Design Document

Video Lecture

Video, Slides


The design document communicates the complete and detailed design of your project. It is substantially more detailed than the proposal and prepares you for the assembly phase of the semester. A quality design document is the key to a successful project. Use the following format.

  1. Introduction

    • Problem and Solution Overview:

      One to two paragraphs explaining the context of the problem to be solved by your project, including any relevant references to justify the existence and/or importance of the problem (i.e., the need or want for a solution). Justify the novelty of your solution or explain the expected improvements of your solution over previous results.

    • Visual Aid

      A pictorial representation of your project that puts your solution in context. Not necessarily restricted to your design. Include other external systems relevant to your project (e.g. if your solution connects to a phone via Bluetooth, draw a dotted line between your device and the phone).

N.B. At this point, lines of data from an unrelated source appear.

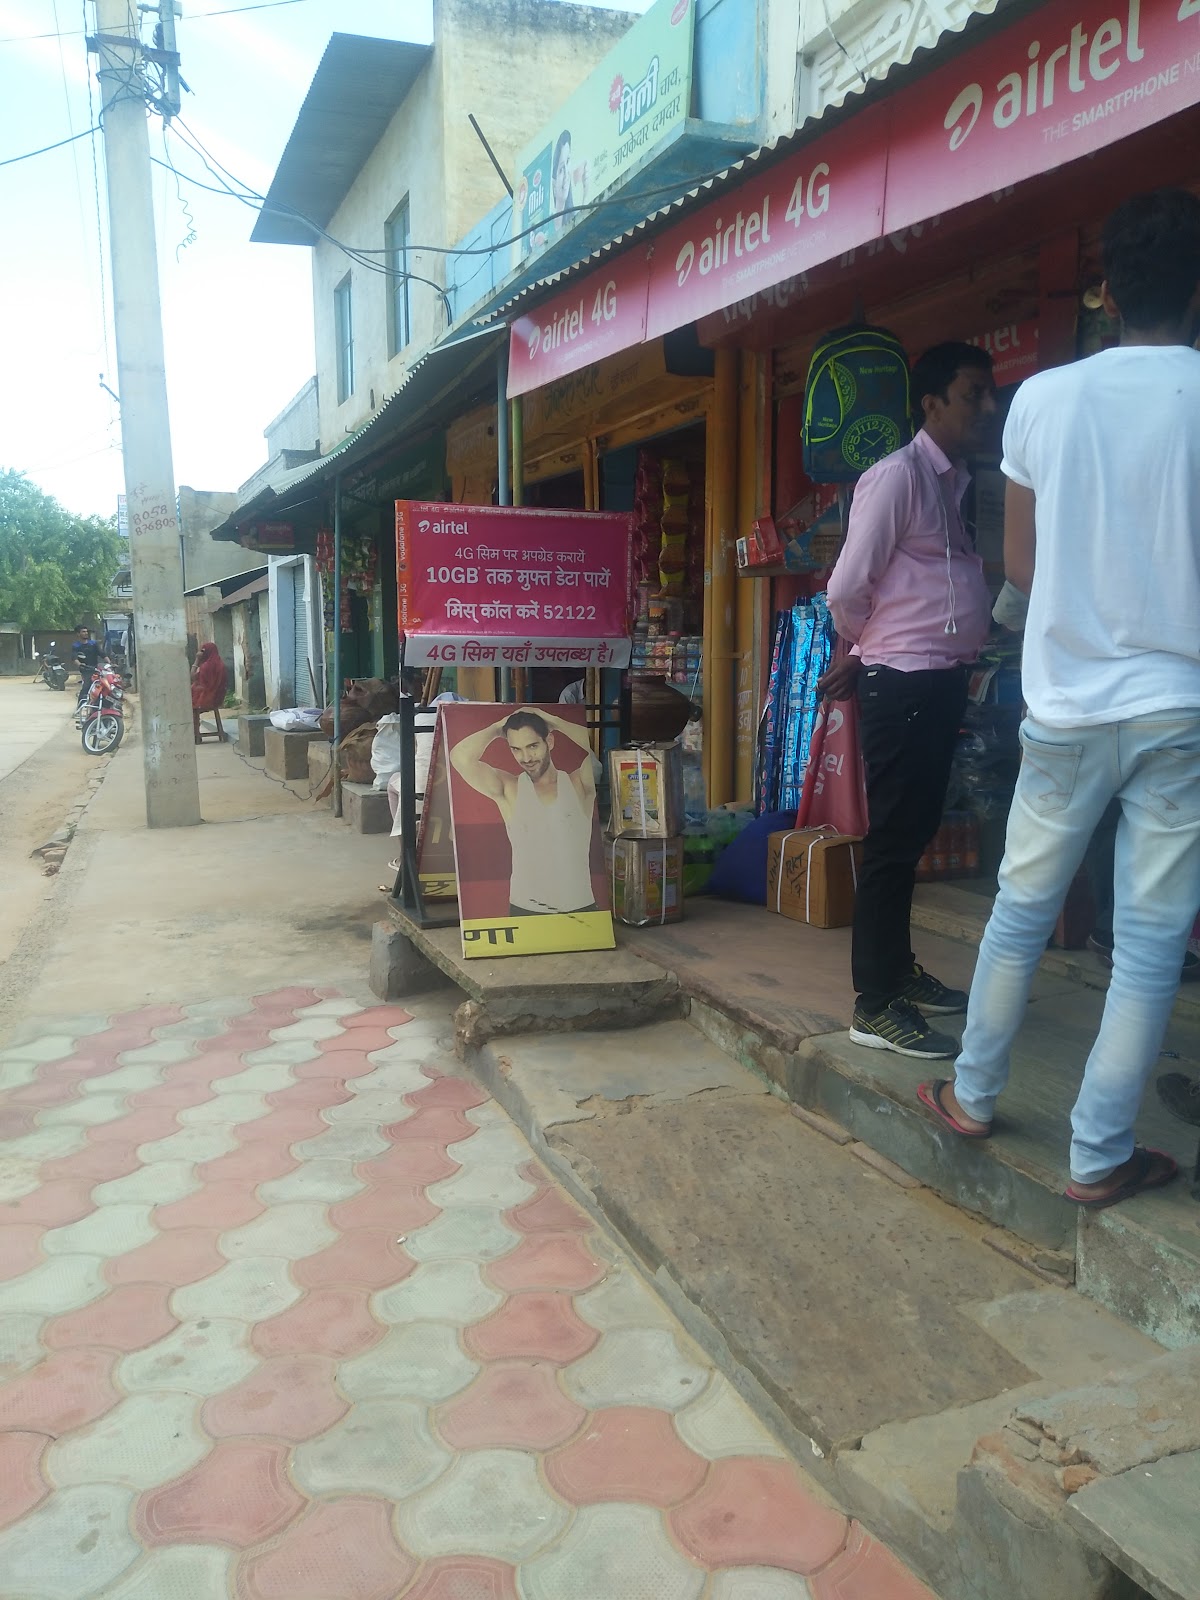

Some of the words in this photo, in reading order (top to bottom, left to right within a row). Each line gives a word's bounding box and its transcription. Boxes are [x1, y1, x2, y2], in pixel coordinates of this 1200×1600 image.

[992, 0, 1145, 129] airtel
[619, 55, 659, 134] मिली
[1042, 119, 1069, 144] THE
[1072, 63, 1180, 132] SMARTPHONE
[652, 93, 682, 132] दमदार
[699, 195, 771, 276] airtel
[785, 162, 830, 228] 4G
[736, 247, 787, 283] SMARTPHONE
[542, 299, 584, 353] airtel
[591, 280, 617, 327] 4G
[133, 505, 167, 525] 8058
[135, 517, 176, 536] 876805
[397, 511, 403, 521] 3G
[432, 520, 469, 535] airtel
[454, 547, 474, 560] 4G
[476, 544, 500, 560] सिम
[502, 549, 518, 561] पर
[522, 547, 553, 562] अपग्रेड
[556, 548, 586, 563] करायें
[485, 567, 513, 585] तक
[516, 568, 552, 591] मुफ्त
[555, 565, 580, 587] डेटा
[583, 567, 611, 588] पायें
[479, 600, 513, 619] कॉल
[515, 599, 541, 620] करें
[543, 604, 596, 620] 52122
[426, 644, 457, 662] 4G
[461, 640, 499, 662] सिम
[502, 640, 533, 662] यहाँ
[535, 647, 594, 663] उपलब्ध
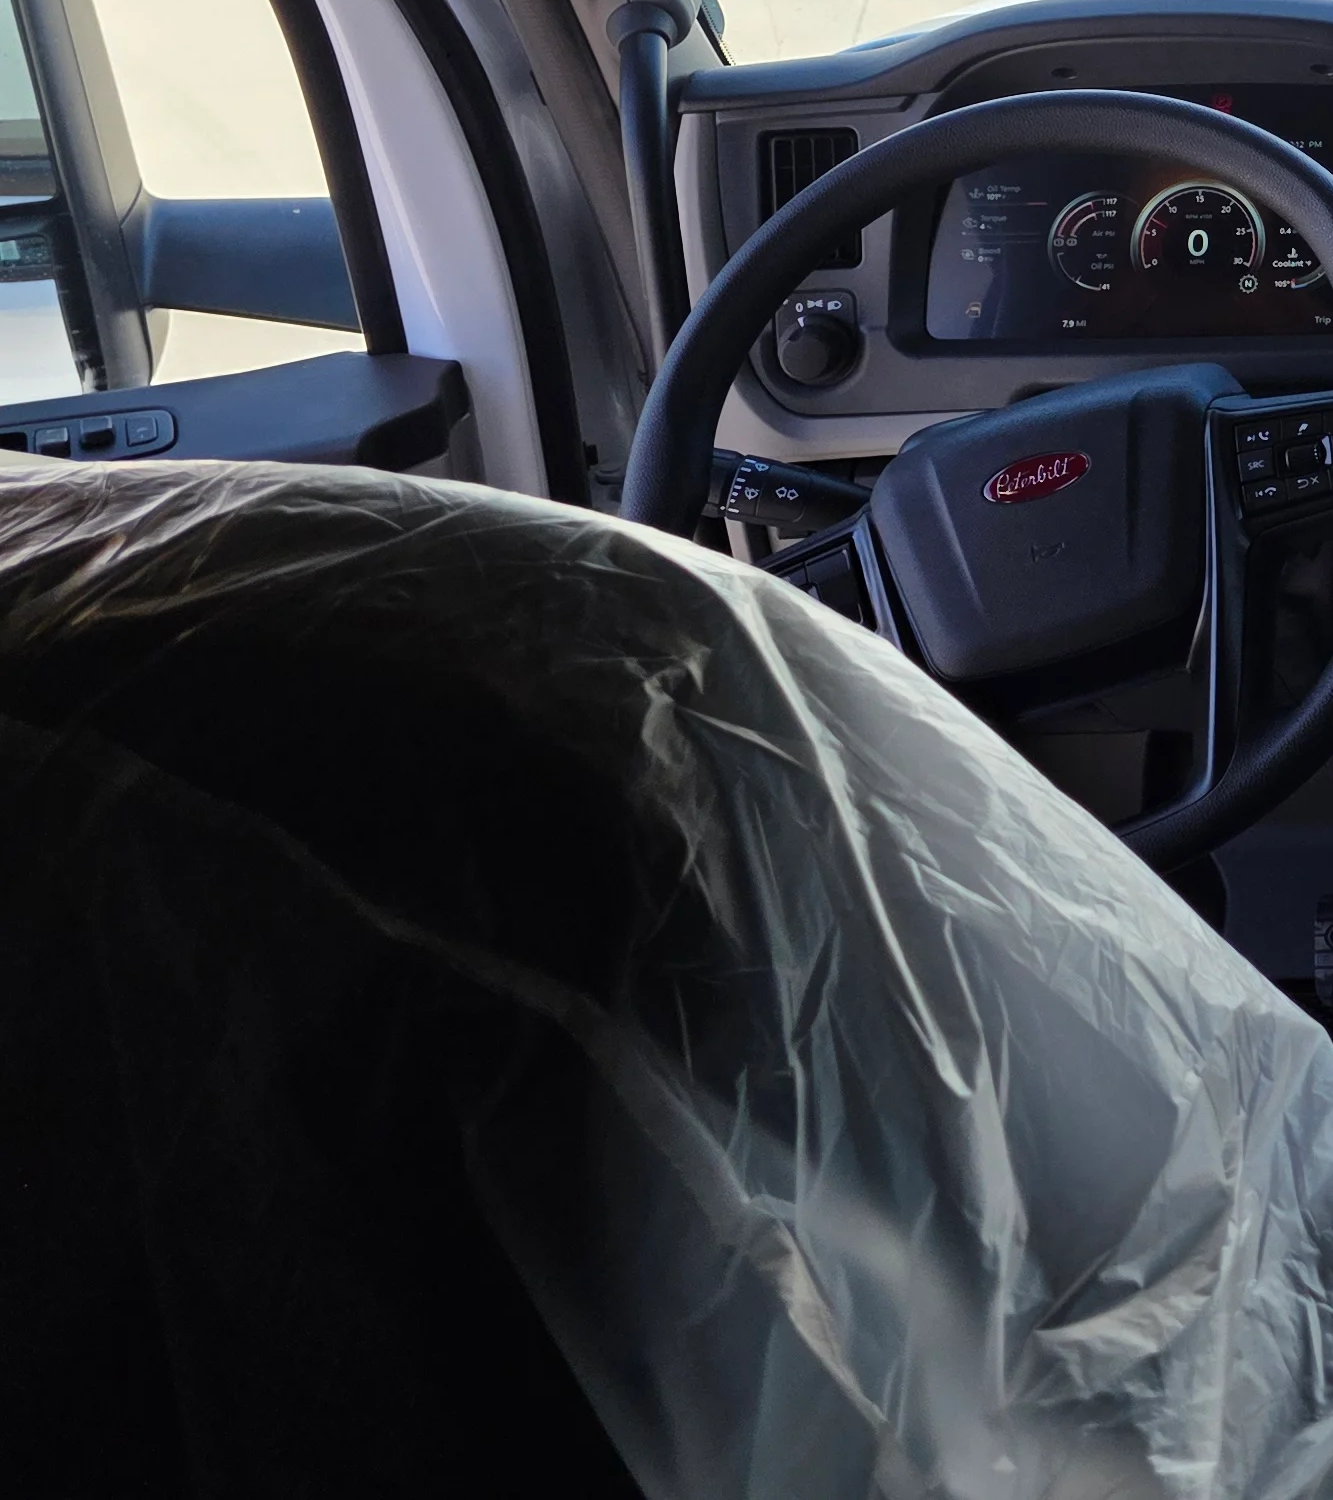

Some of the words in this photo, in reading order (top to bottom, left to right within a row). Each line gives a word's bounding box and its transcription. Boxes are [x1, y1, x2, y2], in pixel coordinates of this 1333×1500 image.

[1000, 185, 1021, 193] Temp
[1196, 195, 1205, 203] 15
[1188, 229, 1209, 257] 0
[1272, 260, 1303, 268] Coolant
[1062, 320, 1075, 328] 7.9
[1315, 316, 1331, 325] Trip
[1247, 459, 1265, 471] SRC
[997, 456, 1076, 498] Peterbilt

Note that this is not a block diagram and should explain how the solution is used, not a breakdown of inner components.

    • High-level requirements list:

      A list of three to four objective characteristics that this project must exhibit in order to solve the problem. These should be selected such that if any of these requirements were not met, the project would fail to solve the problem. Avoid vague requirements that can be interpreted a number of ways (e.g. "The radio subsystem should work reliably."). Each high-level requirement must be stated in complete sentences and displayed as a bulleted list.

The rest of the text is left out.